En las fotos infantiles aparecemos sonrientes; a veces de camino a clase, a veces celebrando cumpleaños con los del barrio, de la mano de los aitites o amama, saludando a la cámara, columpiándonos en el parque. Se fija uno en los muros detrás de las caras y cae en la cuenta de las pintadas en las paredes. Apenas tenemos una foto  vieja en la que no aparezcan dianas y gritos de «ETA, ¡Mátalos!». Nos quemaron el coche una noche. Era un coche viejo, uno quemado de tantos. Ni siquiera pusimos denuncia. En el instituto tuvimos compañeros que nos invitaban a las manifestaciones, a uno le detuvo la policía en el lío de las banderas, su madre se lo llevó a vivir a otra comunidad por miedo de que se metiese en ETA. Con los años, a más de un conocido le vimos detenido por pertenecer a ETA. «Somos diferentes, diferentes, al resto de la gente». Cuando viajábamos a otro lugar nos esforzábamos en explicar que no andábamos todo el día esquivando bombas, que eran todo habladurías. Además, nadie nos entendía, empezando por el del tiempo, que salía contando que iba a hacer sol en todo el país y no paraba de llover.

Sólo ahora, cuando miramos las fotos, vemos las pintadas. Se clava en nosotros de repente la mirada de aquella chavala que no tenía padre porque «algo habría hecho». Nos acordamos como si fuese una película de las tardes sin clase por los avisos de bomba, del compañero al que una explosión reventó el tímpano, el silencio sepulcral después de oír el estruendo de una explosión y saber a ciencia cierta que tenía que ser una bomba. Las sirenas. En la tele salían montones de políticos, cada cual diciendo algo, imágenes de lluvia y furgonas de policía.

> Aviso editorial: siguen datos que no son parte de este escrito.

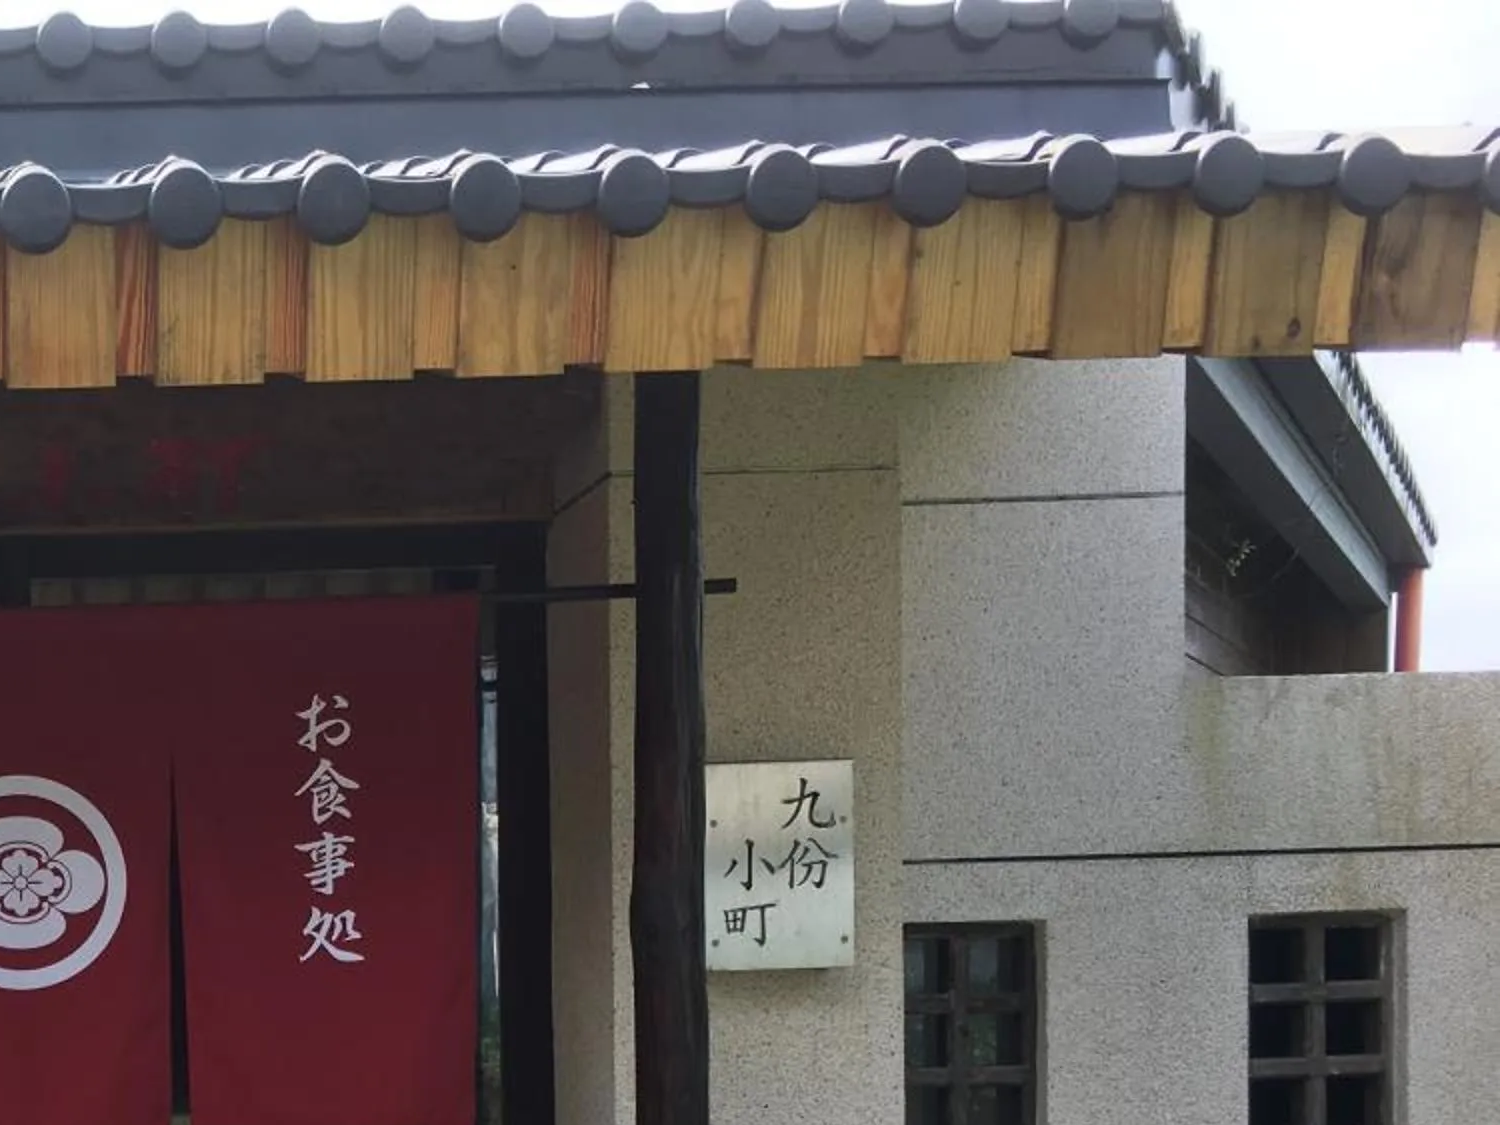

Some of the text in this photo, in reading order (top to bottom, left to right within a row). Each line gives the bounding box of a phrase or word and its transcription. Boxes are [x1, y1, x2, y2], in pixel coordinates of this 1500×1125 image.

[294, 693, 365, 963] お食事処
[777, 777, 839, 889] 九份
[723, 839, 777, 947] 小町

Un señor cabezón, con barba, muy bizco con gafas de culo de vaso y una boca desmesurada leía un manifiesto. Era un tipo raro, tenía una voz extraña, vestía estrafalario. Nadie le podía ver, sólo buscaba problemas y recibía muchos insultos. Todos los que tenían problemas parecían tarados, no eran gente normal. Nosotros, los normales, no hablábamos de política si no era para despreciarles porque no querían más que amargarnos la vida.

Todavía hoy salen imágenes de ellos en la tele. Siguen siendo muy pocos y se les continua insultando. A veces me pregunto qué hacemos que no vamos allí donde están. Qué hacemos que aunque ya sí que vemos las pintadas en las fotos viejas y nos damos cuentas de que aquello no era normal, que no nos pasaba nada porque nunca llevamos la contraria, seguimos callados. Por qué un año no nos atrevemos a decir en la cuadrilla que vamos a coger un autobús y vamos a ir allí. A lo mejor alguien se apunta. A lo mejor alguno ya no nos vuelve a hablar. Pero qué importa. Ya no somos aquel grupito que íbamos siempre juntos a todas partes. Me pregunto si alguna vez seremos capaces de un pequeño gesto, aunque sea sólo eso.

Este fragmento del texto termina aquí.